Mountain terrains complicate the proper representation of temperature by models in those areas due to complex topography, slopes, aspect, terrain shadowing, snow-albedo feedbacks, and vegetation variability (Figure .1, reproduced from Rudisill et al., 2024 [2]).
Thanks to their higher resolution, Regional Climate Models (RCMs) are expected to represent the dynamical and thermodynamic processes underlying temperature variability over complex orography more accurately than Global Climate Models (GCMs). However, RCMs still present biases over mountain regions. Among these, winter cold biases—especially across peaks and ridges—are especially pronounced (Kotlarski et al., 2014 [3], Winter et al., 2017 [4], Matiu et al., 2019 [5], Vautard et al., 2020 [6], Sy et al., 2024 [7]). Warm biases in summer have also been reported mainly in valley areas, but only in studies using convection-permitting RCMs (Rudisill et al., 2024 [2], Napoli et al., 2023 [8], Liu et al., 2017 [9]); such fine-scale features are not captured by RCMs with coarser resolution. These temperature biases, consequently, impact their ability to properly represent snow-related processes in mountain areas (Matiu et al., 2019 [5]). In fact, biases in temperature and snowpack, have a crucial knock-on effect on surface runoff, undermining the evaluation of the water-supplying capability of mountain ranges in Europe (Immerzeel et al., 2020 [1]). Those cascading effects are crucial for lowlands water availability (van Tiel et al., 2023 [10]) and inherent economic sectors such as tourism, hydropower, and agriculture (Beniston et al., 2011 [11]).
📢 Quality assessment statement#
These are the key outcomes of this assessment
State-of-the-art regional climate models exhibit cold biases in the winter season compared to both station/point-based and gridded observations.
EURO-CORDEX RCMs exhibit systematic winter cold biases over the Alpine region at elevations above 1000 m, with even the “hottest” models underestimating temperatures in mountain areas.
Winter cold biases introduce additional uncertainties in snow estimates, reducing confidence in the use of RCM temperature projections for applications in the ski industry.
Temperature and mountain snowpack biases affect estimates of water availability, influencing the ability to assess changes in various hydrological and economic sectors, such as tourism, hydropower, and agriculture.
The outcomes of this assessment, focused on the Alpine region, advocate caution when using RCM future temperature projections. A key concern is the potential propagation of present-climate biases into a warmer future climate, representing an aspect (the propagation) still largely unexplored.

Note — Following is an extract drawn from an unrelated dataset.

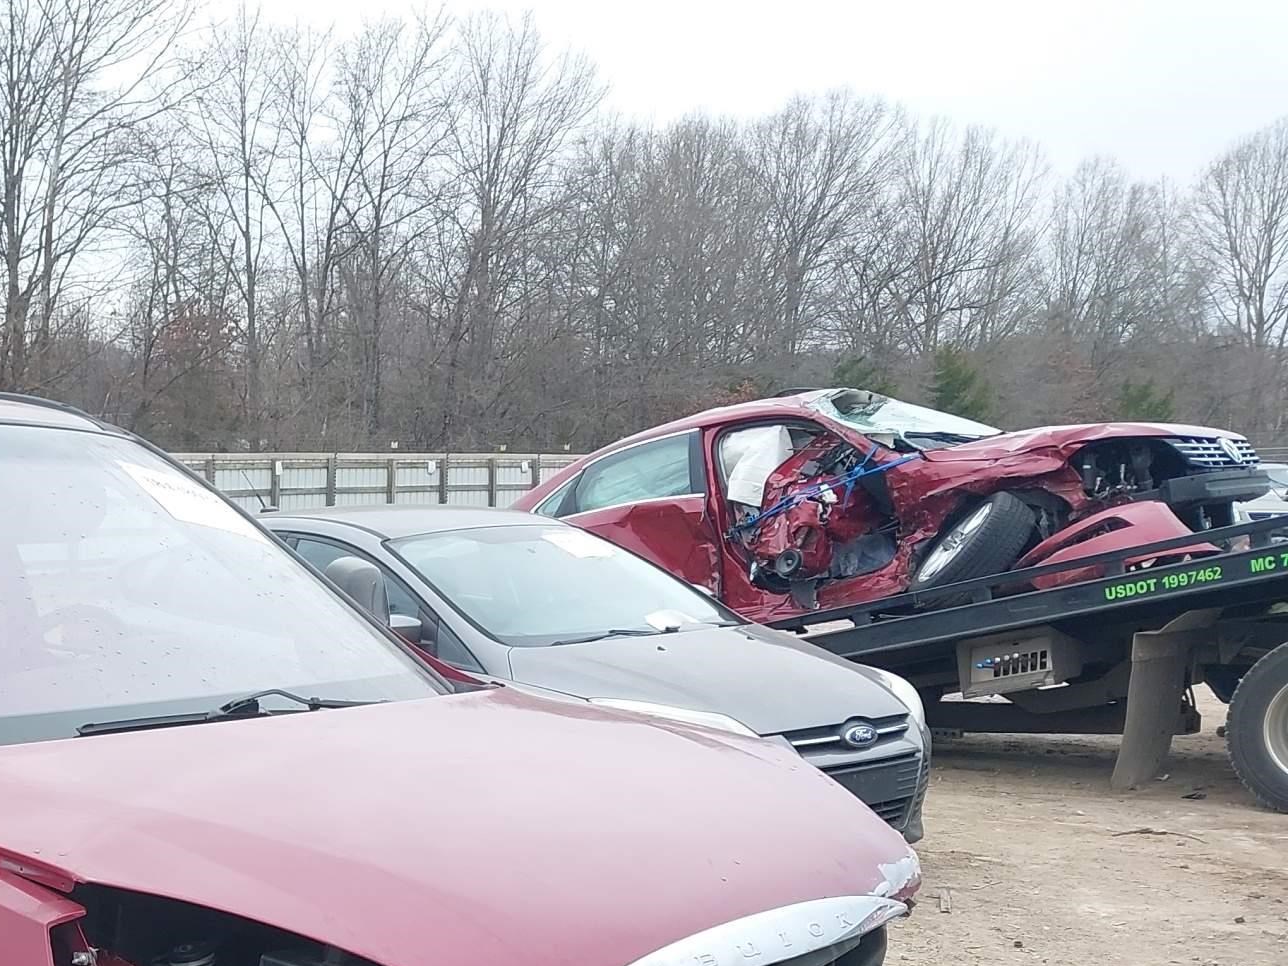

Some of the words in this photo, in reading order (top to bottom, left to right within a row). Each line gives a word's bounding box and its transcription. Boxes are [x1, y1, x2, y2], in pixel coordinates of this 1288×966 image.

Fig. 5.2.5.1 Depiction of processes influencing mountain T2m (temperature at 2 metres above ground level). (a) Incident solar radiation at the ground surface depends on terrain aspect and shadowing. Mountain slopes can also reflect SW and emit LW radiation; (b) snow reflects solar radiation, cooling surface temperatures through the snow-albedo feedback; (c) vegetation’s high surface roughness and lower albedos warm surrounding air relative to non-vegetated snow surfaces; (d) moderate synoptic forcing leads to upper-air and boundary layer temperature mixing, with an un-inverted vs elevation profile; (e) katabatic flows develop valley temperature inversions during clear-sky, cloud-free conditions when surface LW cooling is strong. Image reproduced from Figure 1 in Rudisill et al. (2024) [2], © American Meteorological Society. Used with permission.#
📋 Methodology#
A review of the relevant scientific literature documenting state-of-the-art RCMs cold biases over mountainous regions, with a focus on the Alpine region, is conducted. Methods and key findings from a series of studies on this topic are presented and discussed.
The analysis and results follow the next outline:
1. Main methods within the literature
📈 Analysis and results#
1. Main methods within the literature#
The modelled temperatures are typically evaluated against gridded meteorological observations, reanalysis datasets, or point-based observations (i.e. data from individual weather stations). Usually, the assessments focus on the daily average, minimum (occurring at night), and maximum (occurring during the day) values (e.g., Rudisill et al., 2024 [2]).
Vautard et al. (2021) [6] use the E-OBS17 0.22° dataset (Haylock et al., 2008 [12]) as reference to conduct a comprehensive evaluation of a set of 55 EURO-CORDEX regional climate models. The E-OBS datasets are interpolated onto a common 0.11° resolution grid using a bilinear interpolation to perform their evaluation. Matiu et al. (2019) [5] use a similar approach to evaluate temperature biases in EURO-CORDEX models, based on the E-OBSv20 dataset (Cornes et al., 2018 [11]). Differently from Vautard et al. (2021) [6], their study also focuses on snow biases over the European Alps, linking them to orography, temperature, and precipitation mismatches. The analysis combines gridded observations with station data from the province of Bolzano, Germany, and Switzerland (Figure .2), which are also used to validate temperature estimates.
Matiu et al. (2024) [14] analysed EURO-CORDEX temperature and precipitation data for the Alpine region (Figure .3) across different elevations, comparing them with gridded observations from E-OBS and the Alpine Precipitation Grid Dataset (APGD; Isotta et al., 2014 [15]). They also conducted an observational intercomparison using MESAN (Landelius et al., 2016 [16]), WFDEI (Weedon et al., 2014 [17]), and high-resolution national datasets.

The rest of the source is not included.